» **EXERCISE INPUT**
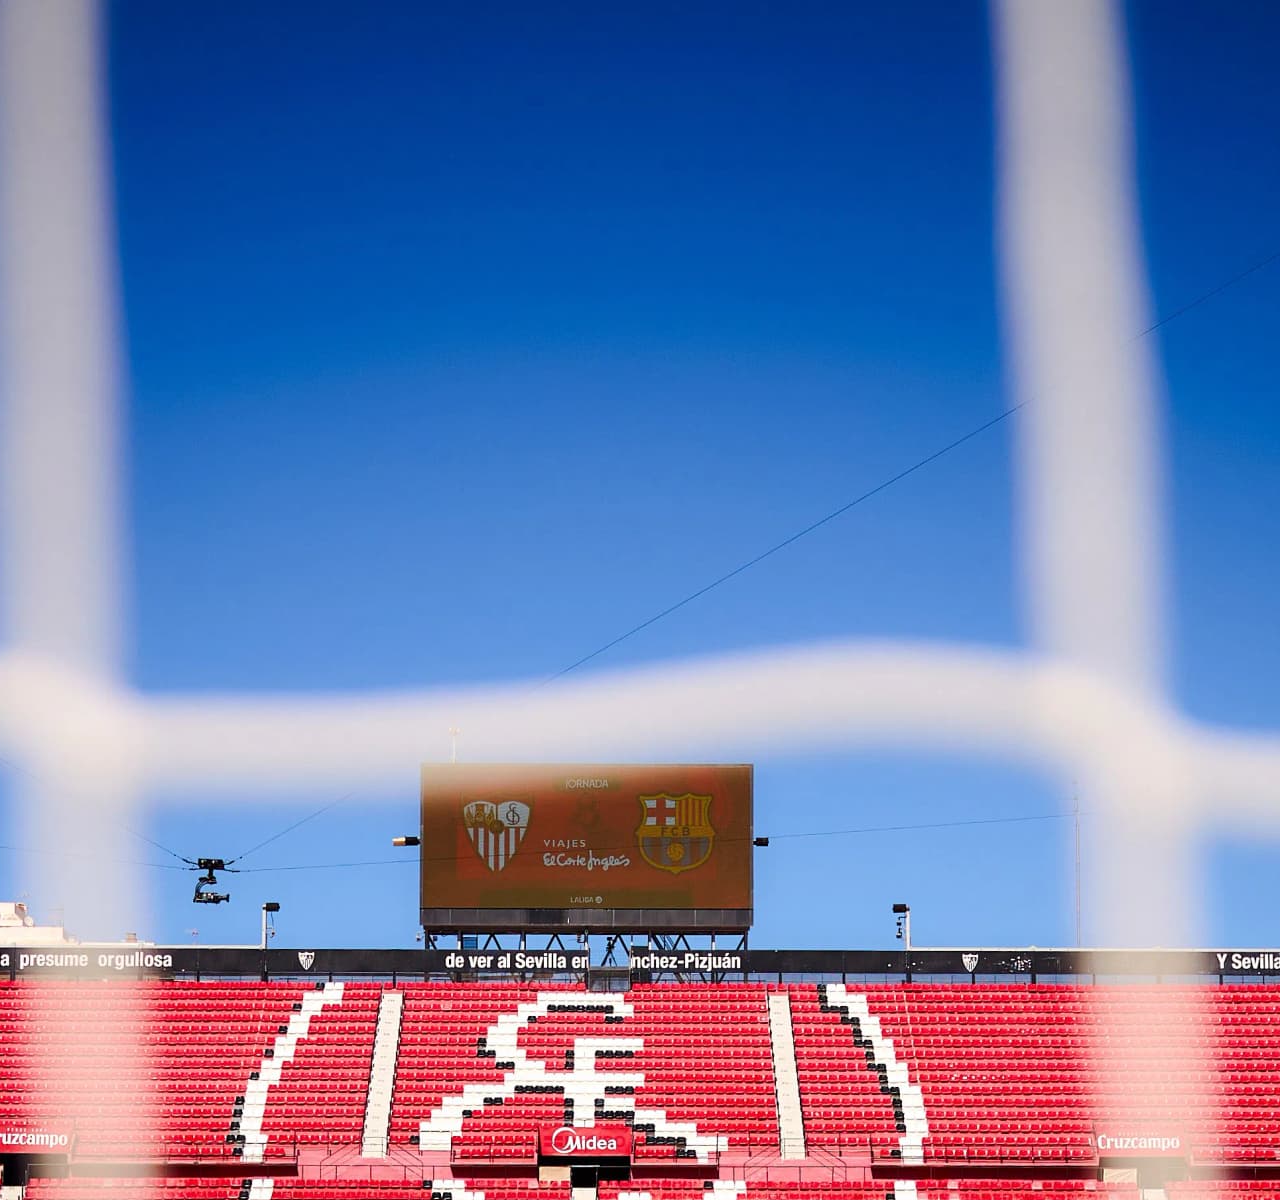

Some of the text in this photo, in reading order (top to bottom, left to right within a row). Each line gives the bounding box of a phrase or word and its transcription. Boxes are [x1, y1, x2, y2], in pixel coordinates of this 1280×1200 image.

[543, 839, 587, 850] VIAJES
[19, 953, 88, 970] presume
[98, 951, 172, 970] orgullosa
[445, 952, 464, 969] de
[469, 956, 491, 969] ver
[497, 952, 511, 969] al
[515, 952, 567, 969] Sevilla
[1216, 953, 1227, 970] Y
[558, 1131, 617, 1151] Midea
[1097, 1134, 1181, 1151] Cruzcampo
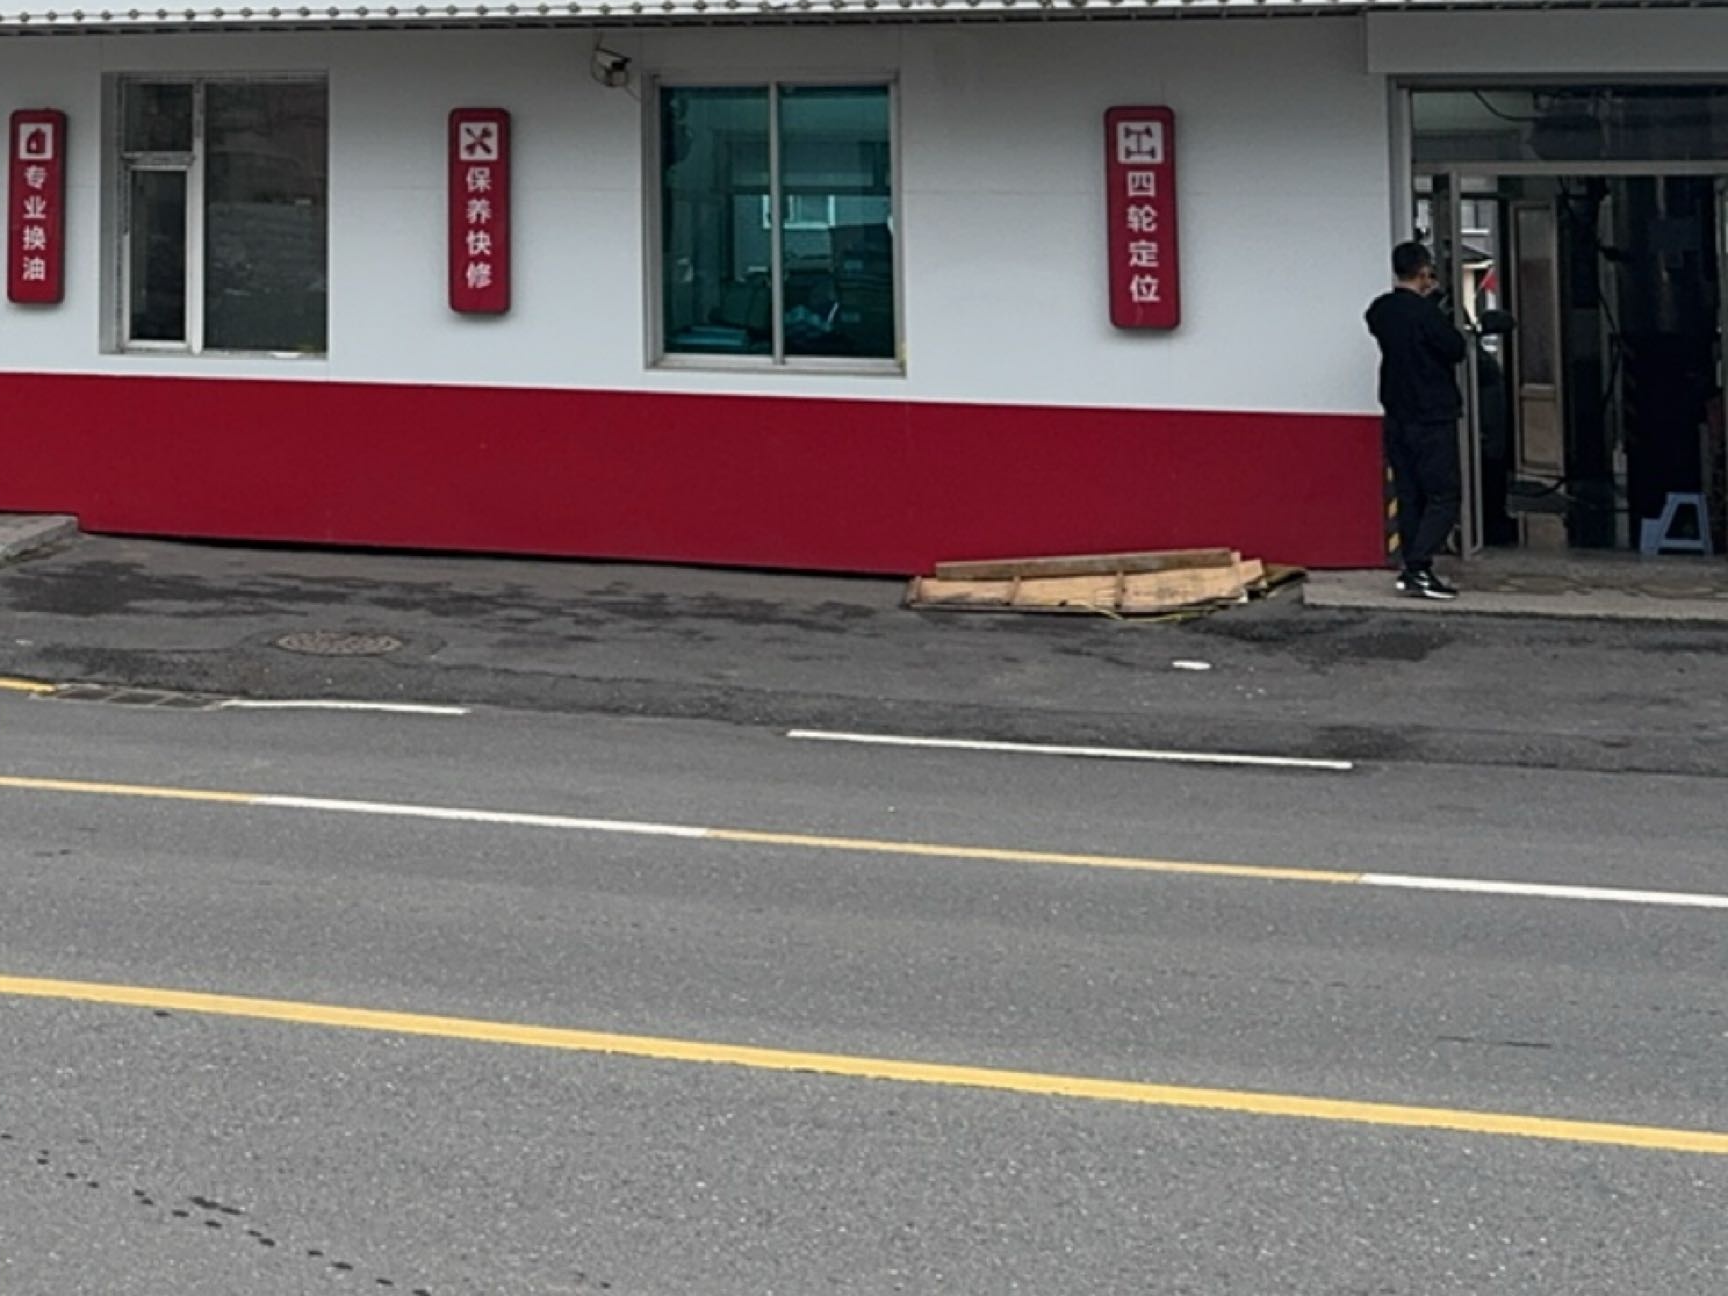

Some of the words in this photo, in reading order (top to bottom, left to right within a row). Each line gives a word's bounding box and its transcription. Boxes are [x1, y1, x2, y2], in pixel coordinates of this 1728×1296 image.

[23, 165, 48, 281] 专业换油
[466, 166, 492, 289] 保养快修
[1127, 170, 1161, 303] 四轮定位
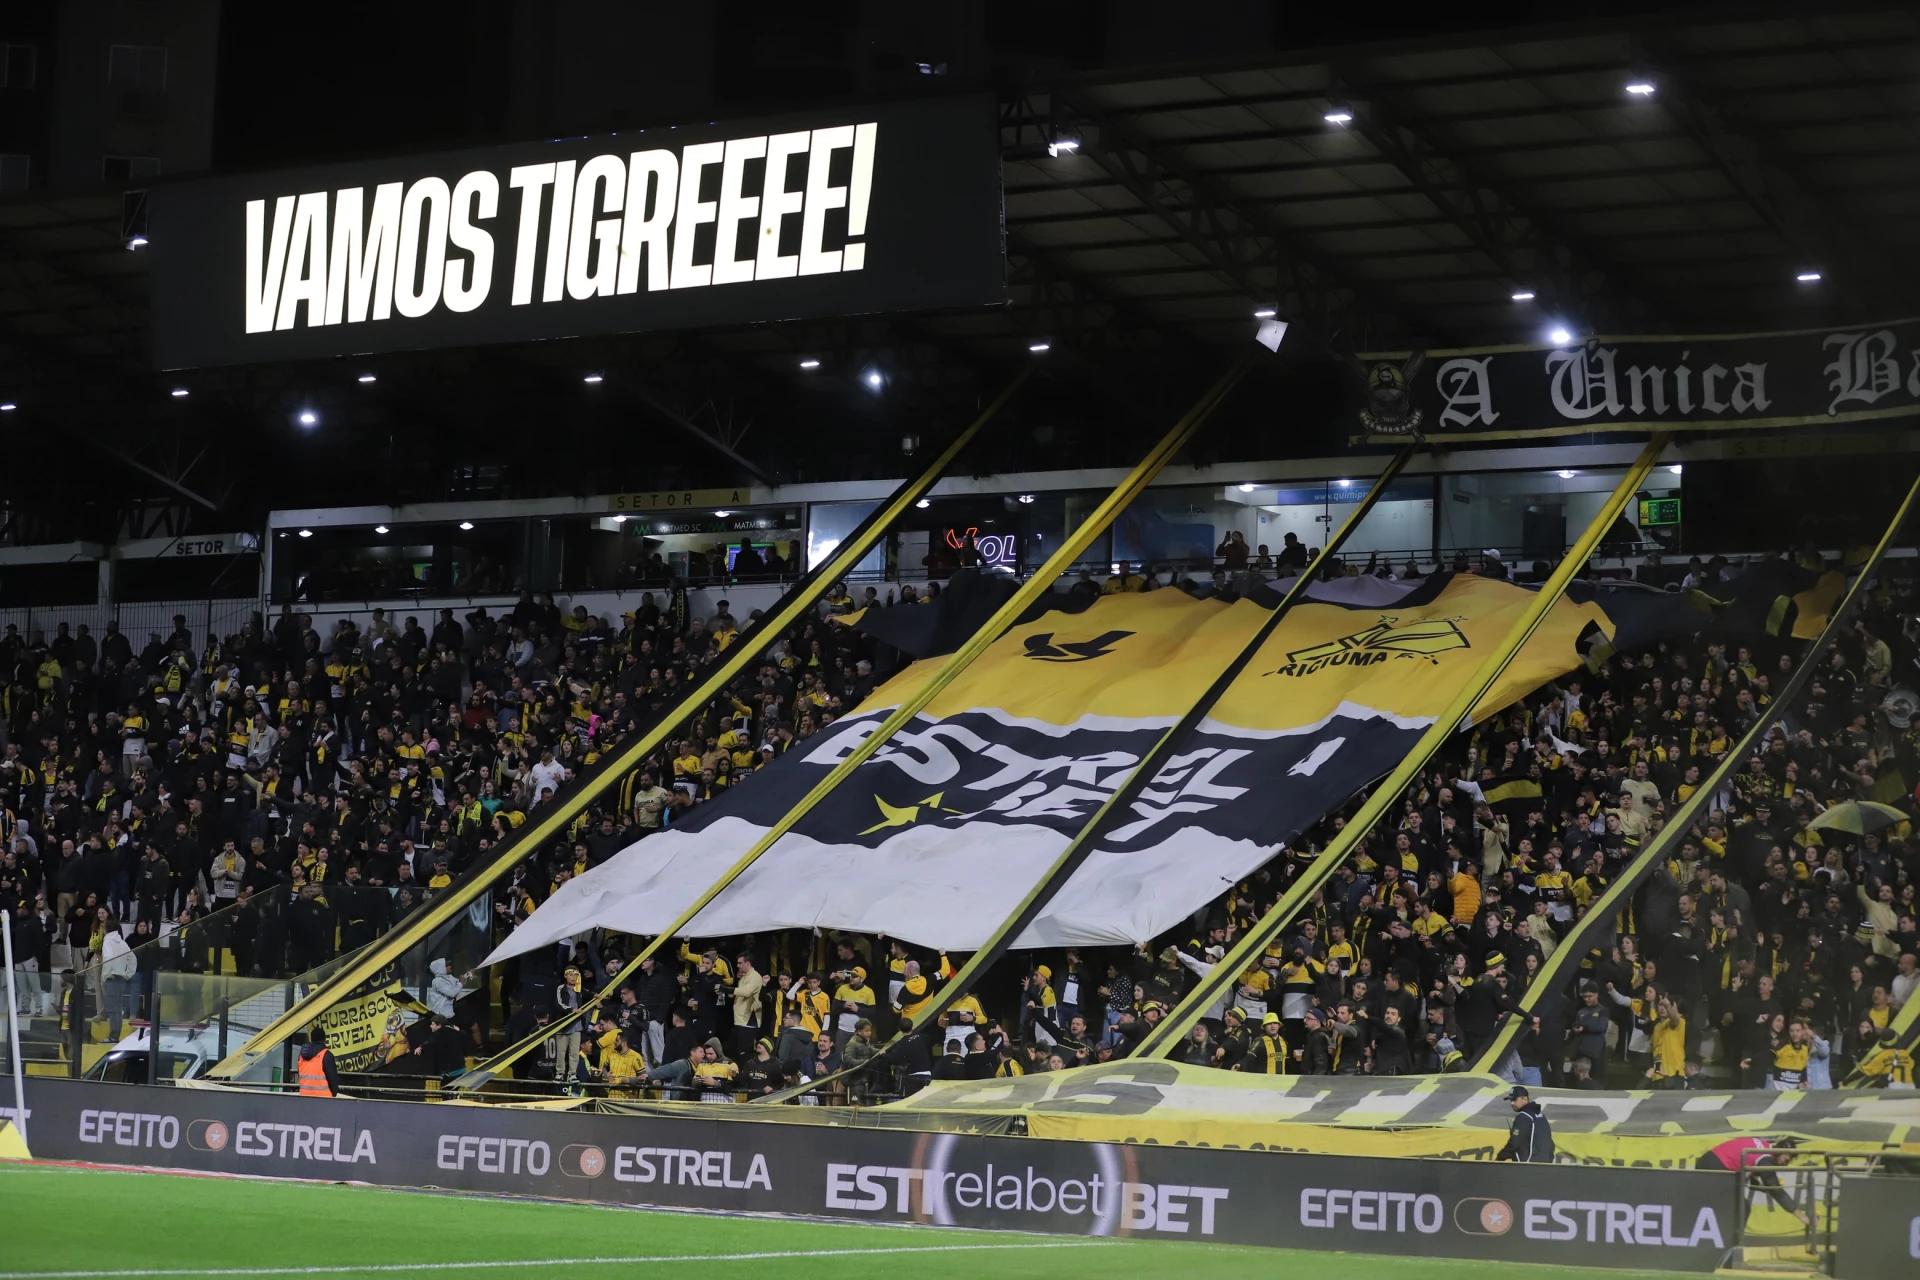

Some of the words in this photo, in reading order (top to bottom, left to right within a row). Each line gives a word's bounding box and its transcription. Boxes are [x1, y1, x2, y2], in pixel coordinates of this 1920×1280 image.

[245, 169, 500, 334] VAMOS
[510, 121, 879, 306] TIGREEEE!
[1436, 355, 1500, 428] A
[1821, 329, 1920, 417] B
[617, 492, 692, 509] SETOR
[731, 490, 740, 503] A
[176, 541, 224, 555] SETOR
[325, 1023, 376, 1050] ERVEJA
[78, 1108, 180, 1150] EFEITO
[235, 1121, 377, 1164] ESTRELA
[436, 1134, 551, 1176] EFEITO
[613, 1145, 773, 1191] ESTRELA
[938, 1163, 1106, 1217] relabet
[1119, 1181, 1230, 1235] BET
[1299, 1187, 1444, 1234] EFEITO
[1523, 1199, 1725, 1249] ESTRELA

» **EXERCISE REQUIREMENTS**
Every record must be duplicated exactly, except for the pictures, which are left out.

» **OUTPUT BELOW**
Some of the text in this photo, in reading order (top to bottom, left to right within a row). Each line gives the bounding box of a phrase or word and its transcription. Boxes are [x1, y1, x2, y2], in pixel coordinates of this 1280×1200 image.

[543, 839, 587, 850] VIAJES
[19, 953, 88, 970] presume
[98, 951, 172, 970] orgullosa
[445, 952, 464, 969] de
[469, 956, 491, 969] ver
[497, 952, 511, 969] al
[515, 952, 567, 969] Sevilla
[1216, 953, 1227, 970] Y
[558, 1131, 617, 1151] Midea
[1097, 1134, 1181, 1151] Cruzcampo

Some of the words in this photo, in reading order (top to bottom, left to right within a row). Each line gives a word's bounding box and its transcription. Boxes are [x1, y1, x2, y2], in pixel coordinates of this 1728×1296 image.

[23, 165, 48, 281] 专业换油
[466, 166, 492, 289] 保养快修
[1127, 170, 1161, 303] 四轮定位

Some of the words in this photo, in reading order (top to bottom, left to right within a row). Each line gives a word's bounding box and its transcription. Boxes are [x1, y1, x2, y2], in pixel coordinates of this 1920×1280 image.

[245, 169, 500, 334] VAMOS
[510, 121, 879, 306] TIGREEEE!
[1436, 355, 1500, 428] A
[1821, 329, 1920, 417] B
[617, 492, 692, 509] SETOR
[731, 490, 740, 503] A
[176, 541, 224, 555] SETOR
[325, 1023, 376, 1050] ERVEJA
[78, 1108, 180, 1150] EFEITO
[235, 1121, 377, 1164] ESTRELA
[436, 1134, 551, 1176] EFEITO
[613, 1145, 773, 1191] ESTRELA
[938, 1163, 1106, 1217] relabet
[1119, 1181, 1230, 1235] BET
[1299, 1187, 1444, 1234] EFEITO
[1523, 1199, 1725, 1249] ESTRELA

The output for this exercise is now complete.